Linear Equations
Linear Equations
A system of linear equations (or linear system) is a collection of one or more linear equations involving the same variables. If there are $m$ equations with $n$ unknown variables to solve for
$$ \begin{align*} a_{1,1} x_1 + a_{1,2} x_2 + \ldots + a_{1,n} x_n & = b_1 \\ a_{2,1} x_1 + a_{2,2} x_2 + \cdots + a_{2,n} x_n & = b_2 \\ \vdots & \\ a_{m,1} x_1 + a_{m,2} x_2 + \cdots + a_{m,n} x_n & = b_m. \end{align*} $$The system of linear equations can be written in matrix form ${Ax=b}$, where
$$ \begin{align*} A = \left( \begin{array}{cccc} a_{1,1} & a_{1,2} & \cdots & a_{1,n} \\ a_{2,1} & a_{2,2} & \cdots & a_{2,n} \\ \vdots & \vdots & \ddots & \vdots \\ a_{m,1} & a_{m,2} & \cdots & a_{m,n} \end{array} \right), \quad x = \left( \begin{array}{c} x_1 \\\ x_2 \\\ \vdots \\\ x_n \end{array} \right), \quad b = \left( \begin{array}{c} b_1 \\ b_2 \\ \vdots \\ b_m \end{array} \right), \end{align*} $$so that $A \in \mathbb{R}^{m \times n}$, $x \in \mathbb{R}^n$ and $b \in \mathbb{R}^m$.

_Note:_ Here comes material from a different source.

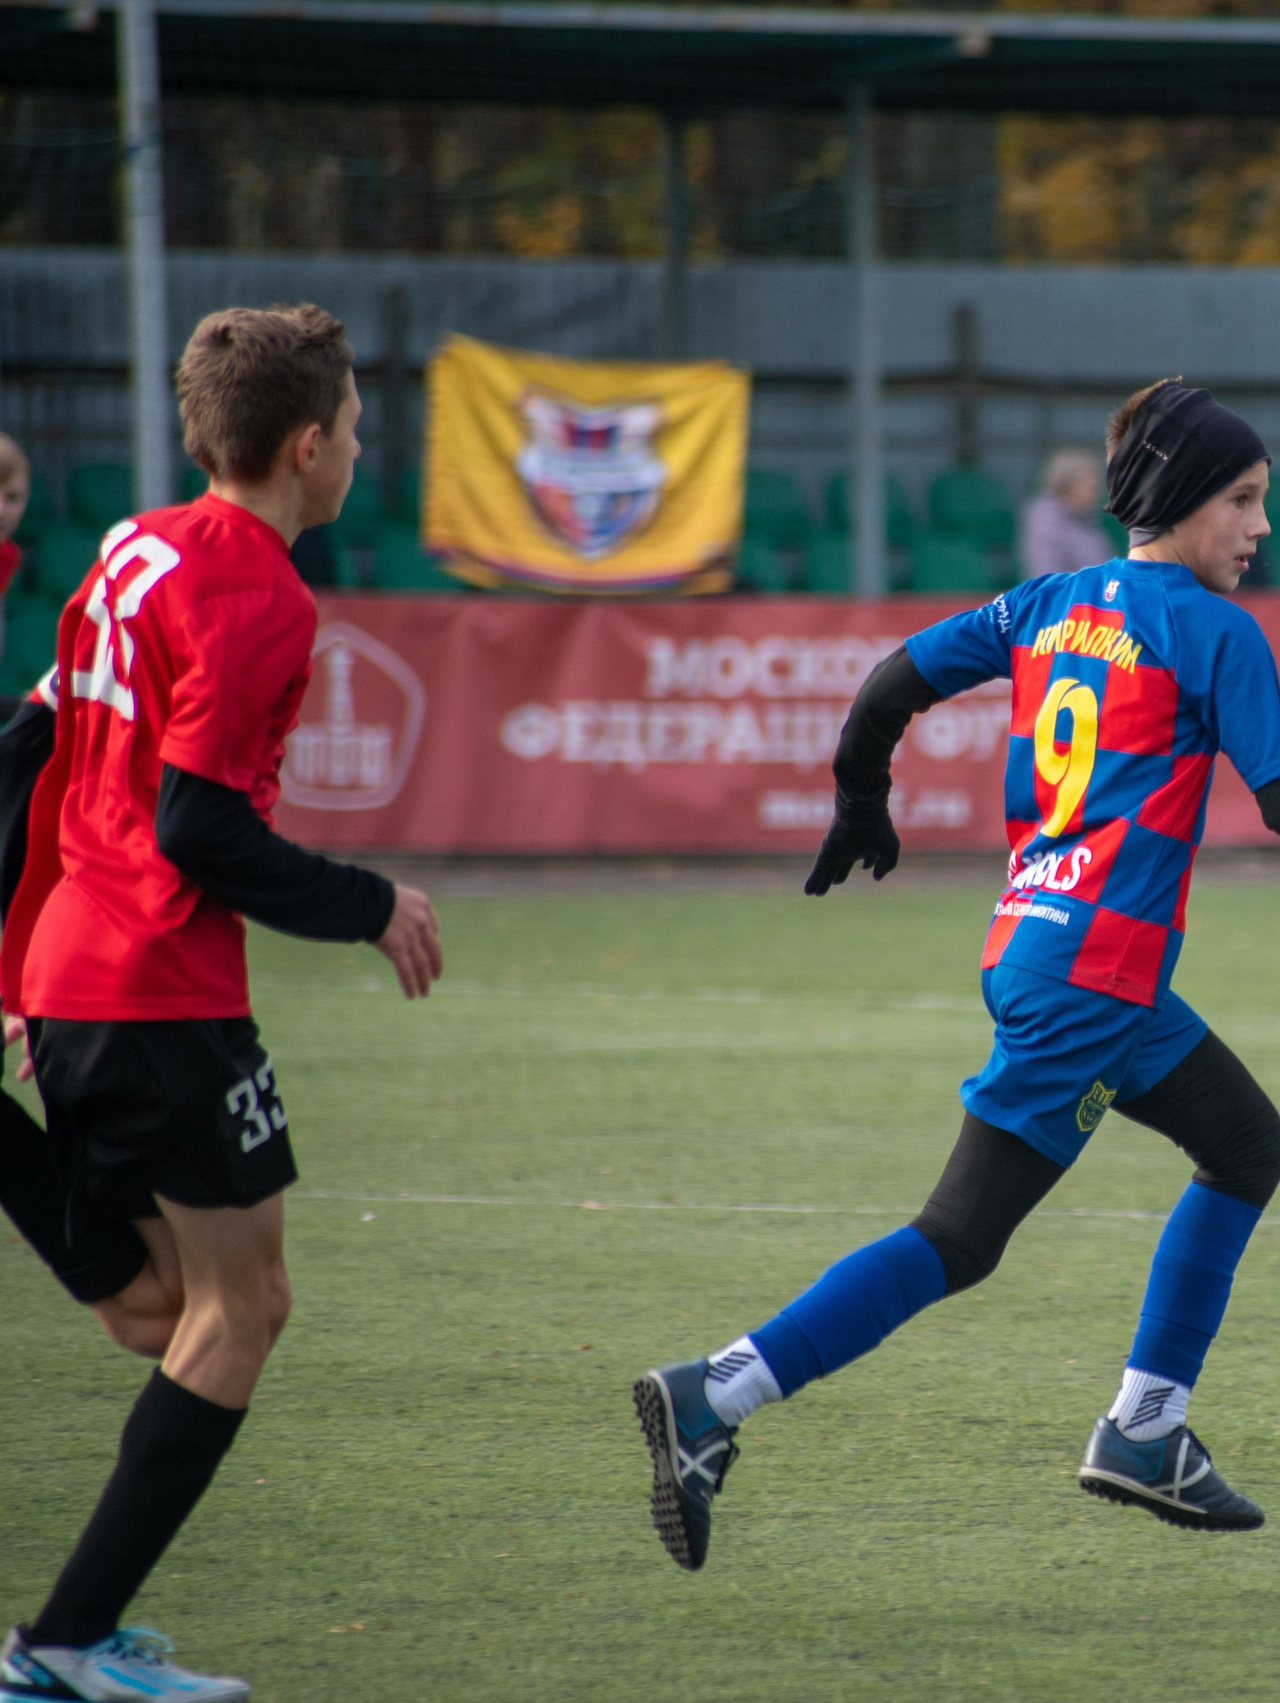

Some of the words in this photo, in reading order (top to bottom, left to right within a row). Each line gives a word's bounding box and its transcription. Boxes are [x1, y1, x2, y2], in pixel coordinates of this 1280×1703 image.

[502, 703, 848, 772] ФЕДЕРАЦИ
[1034, 678, 1098, 838] 9
[226, 1057, 288, 1153] 33

A square matrix $A$ is symmetric if ${A=A^T}$, that is, $a_{i,j}=a_{j,i}$ for all indices $i$ and $j$.
A square matrix is said to be Hermitian if the matrix is equal to its conjugate transpose, i.e. $a_{i,j}=\overline{a_{j,i}}$ for all indices $i$ and $j$. A Hermitian matrix is written as $A=A^H$.
For a nonsingular matrix, the following all hold:
- A nonsingular matrix has full rank
- A square matrix is nonsingular if and only if the determinant of the matrix is non-zero.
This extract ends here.